EXERCISE AIM> Below are records to be repeated exactly. Leave their pictures behind.

*** RECORDS SUPPLIED Section Begins ***

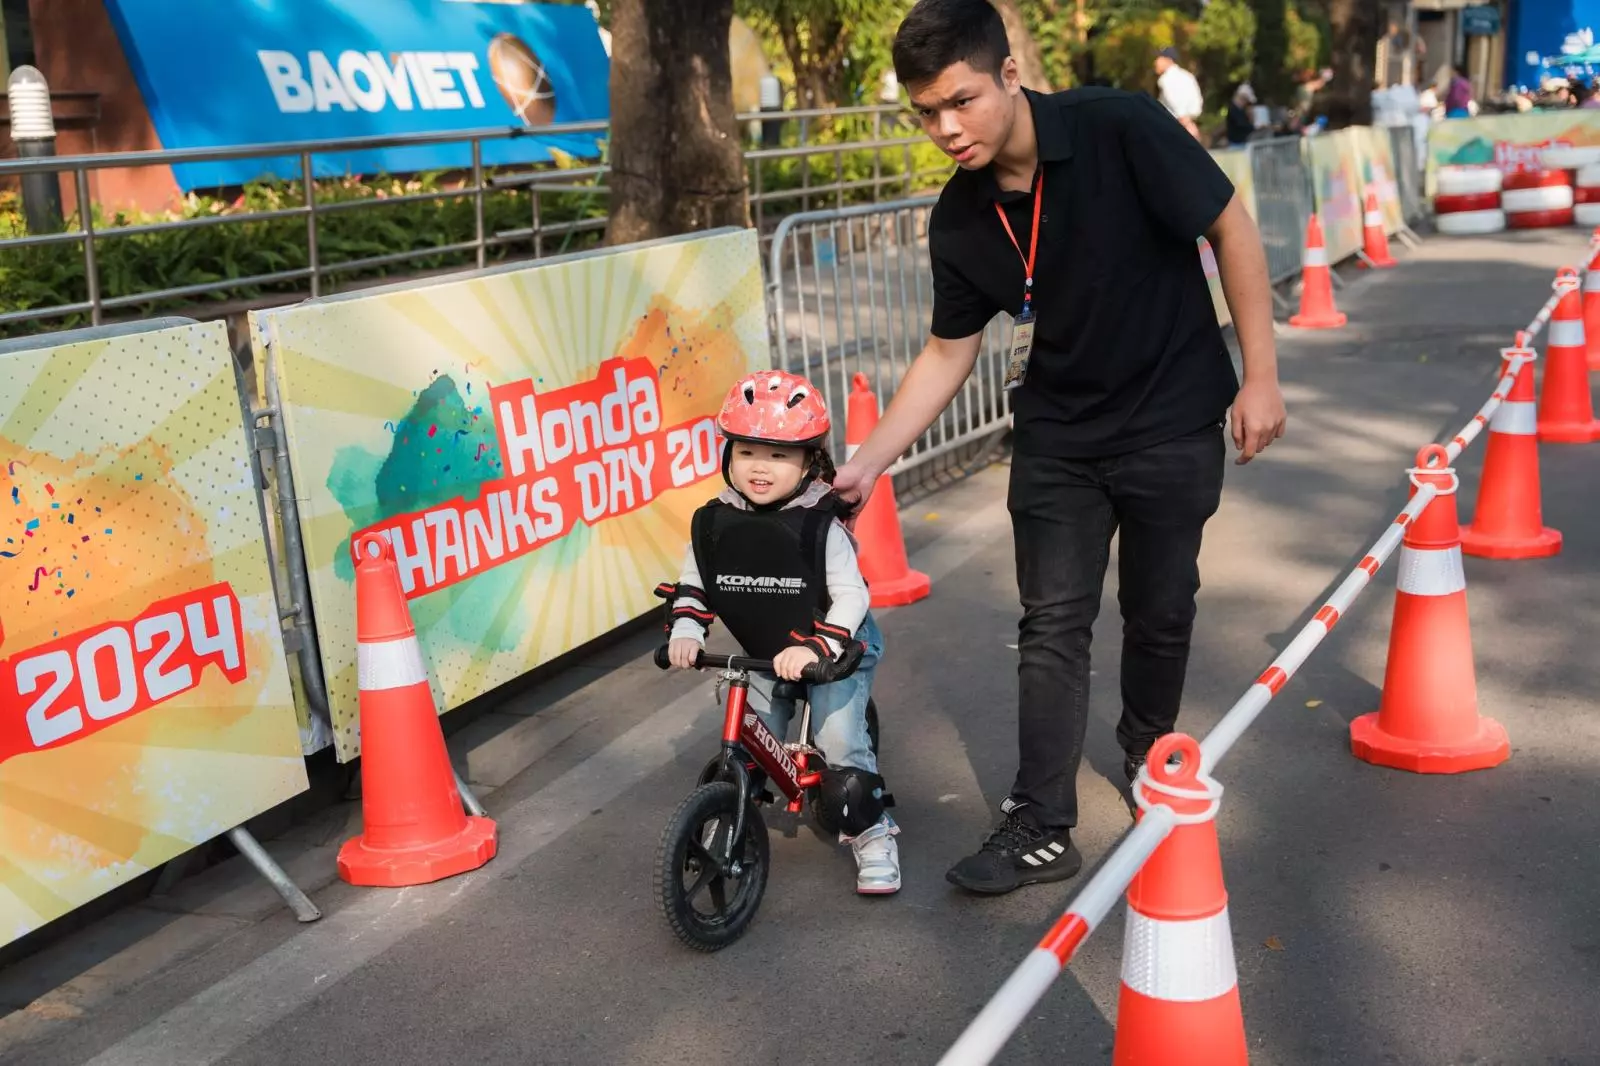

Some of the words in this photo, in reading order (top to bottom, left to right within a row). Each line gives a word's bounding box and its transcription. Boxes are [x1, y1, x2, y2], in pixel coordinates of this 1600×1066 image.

[256, 50, 485, 113] BAOVIET
[499, 367, 660, 477] Honda
[574, 440, 655, 522] DAY
[719, 585, 745, 593] SAFETY
[753, 586, 800, 595] INNOVATION
[15, 595, 240, 747] 2024
[754, 721, 801, 788] HONDA
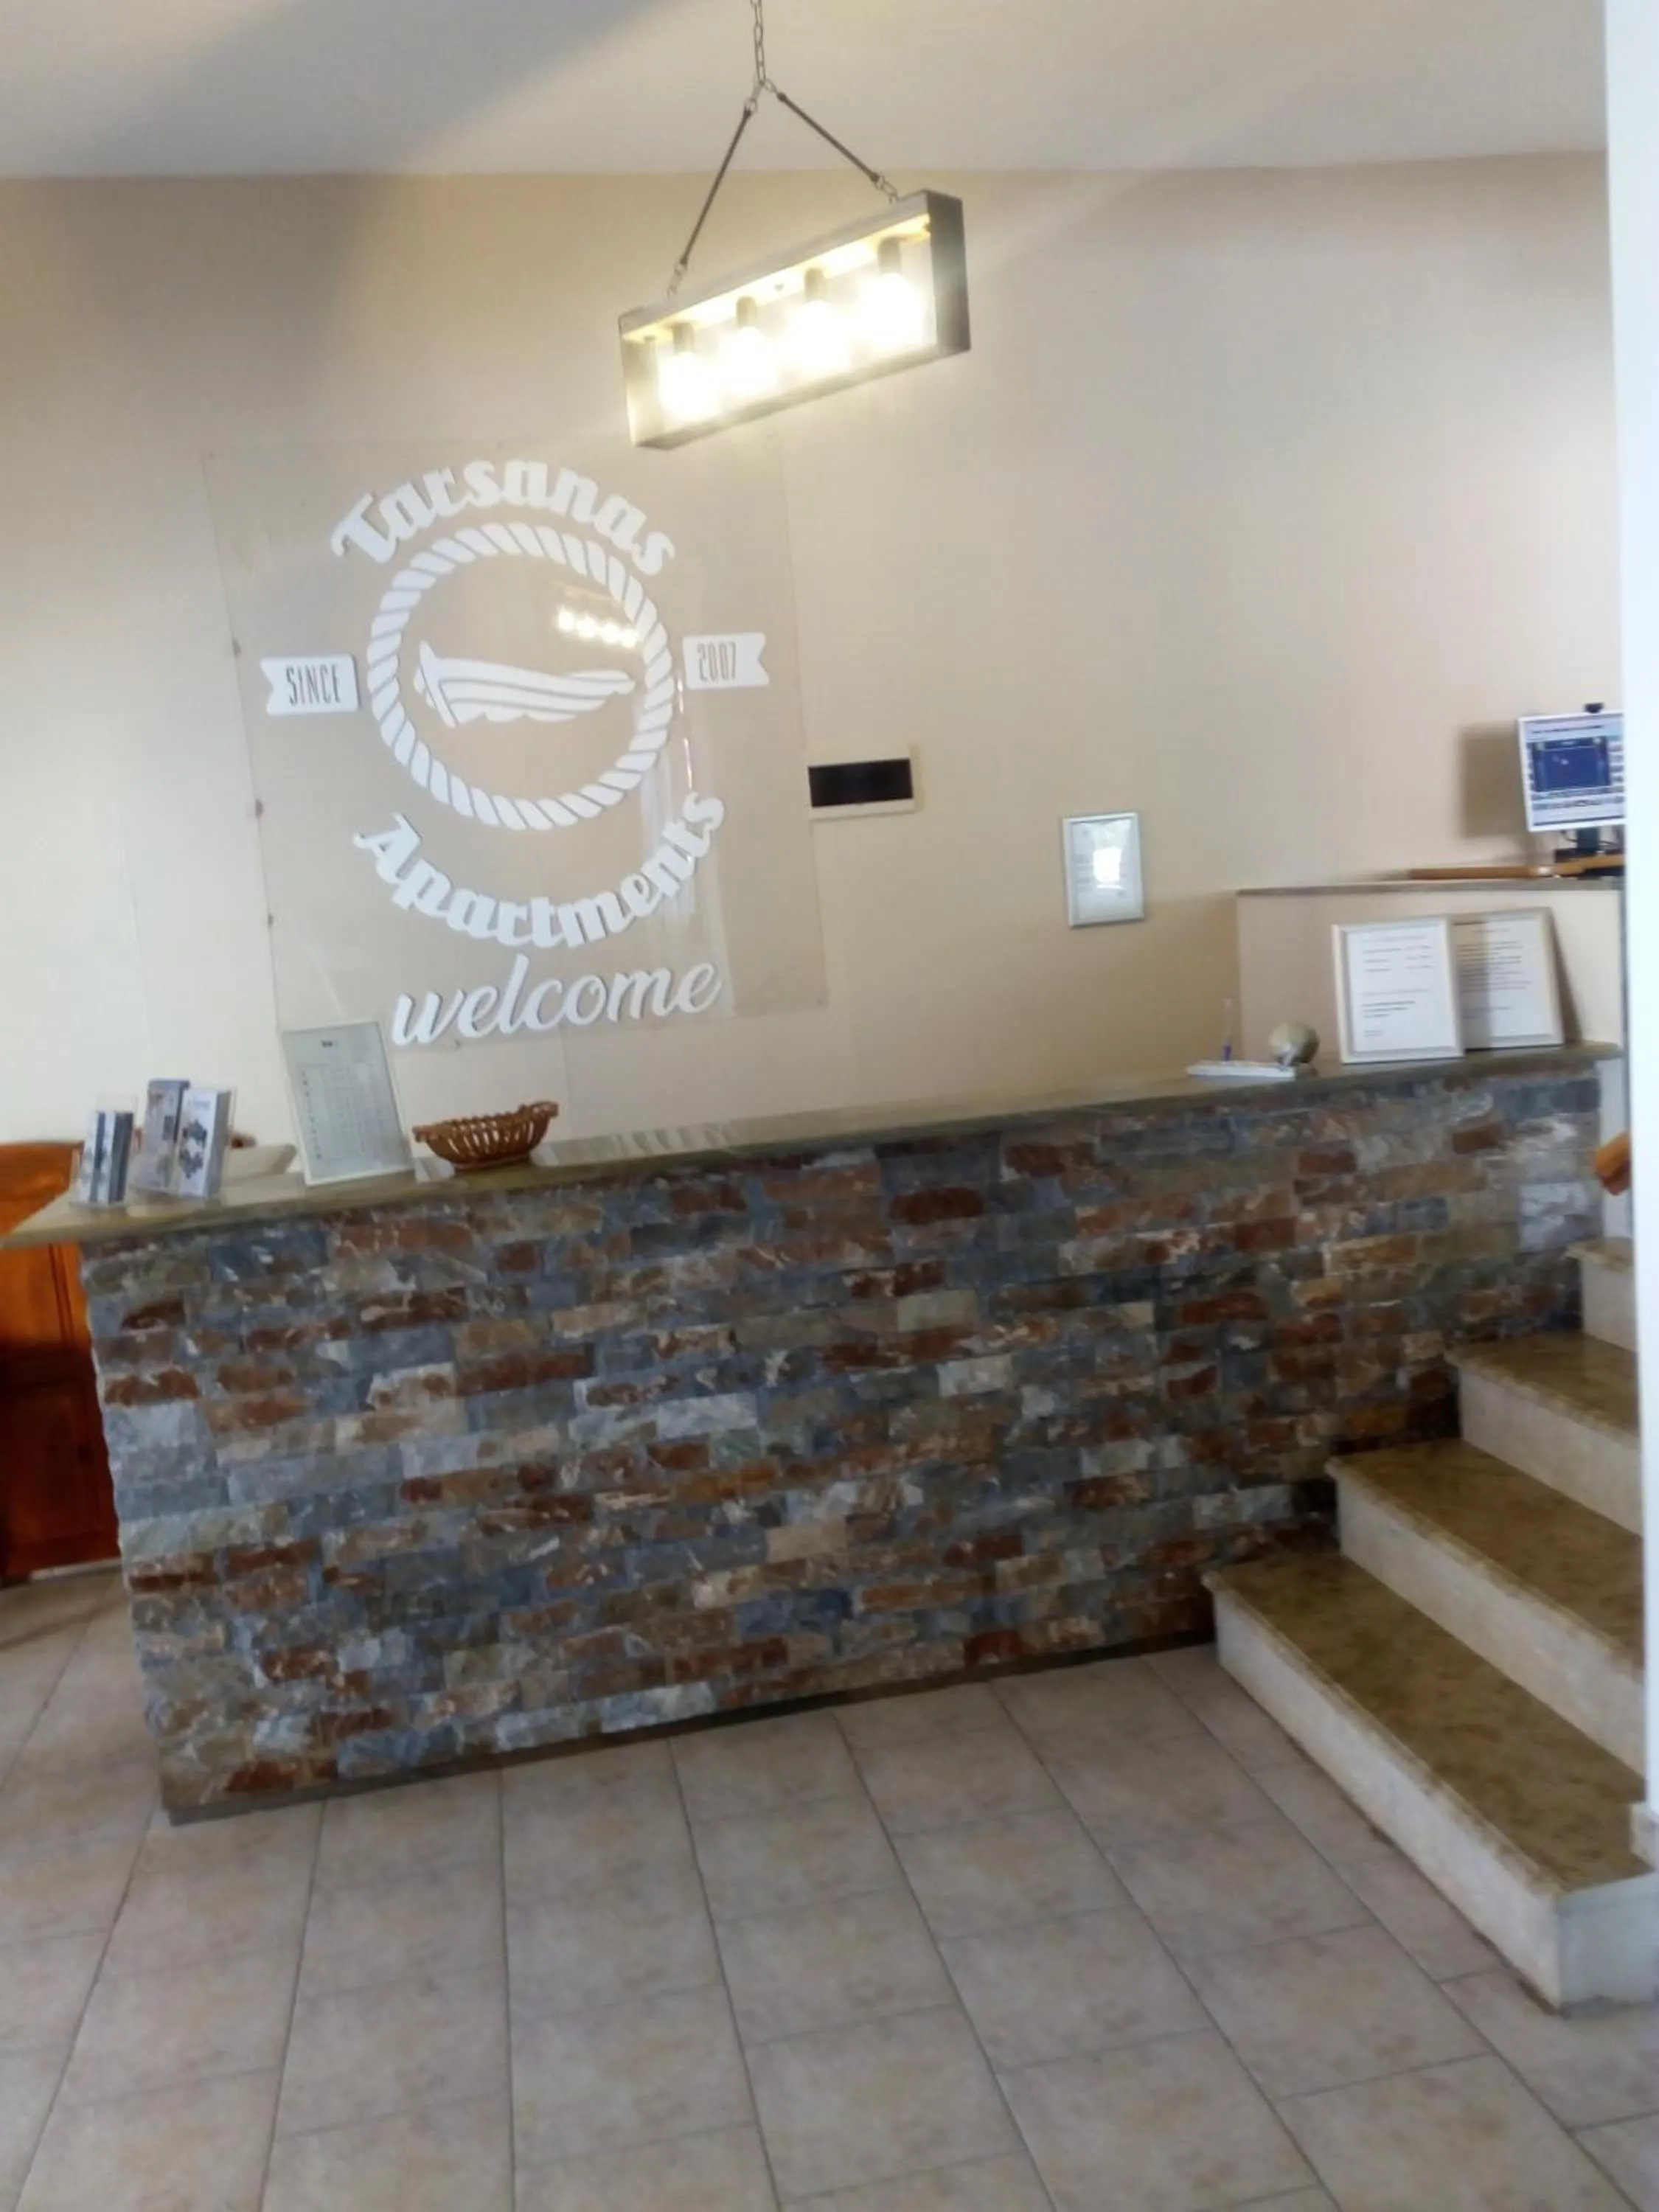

*** RECORDS SUPPLIED Section Ends ***

RESULT OF THIS TASK>
Some of the words in this photo, in reading order (top to bottom, left to right within a row). Each line gives a word's bounding box and its transcription. Boxes are [x1, y1, x2, y2], in pixel coordinates of this 1600×1066 image.

[256, 50, 485, 113] BAOVIET
[499, 367, 660, 477] Honda
[574, 440, 655, 522] DAY
[719, 585, 745, 593] SAFETY
[753, 586, 800, 595] INNOVATION
[15, 595, 240, 747] 2024
[754, 721, 801, 788] HONDA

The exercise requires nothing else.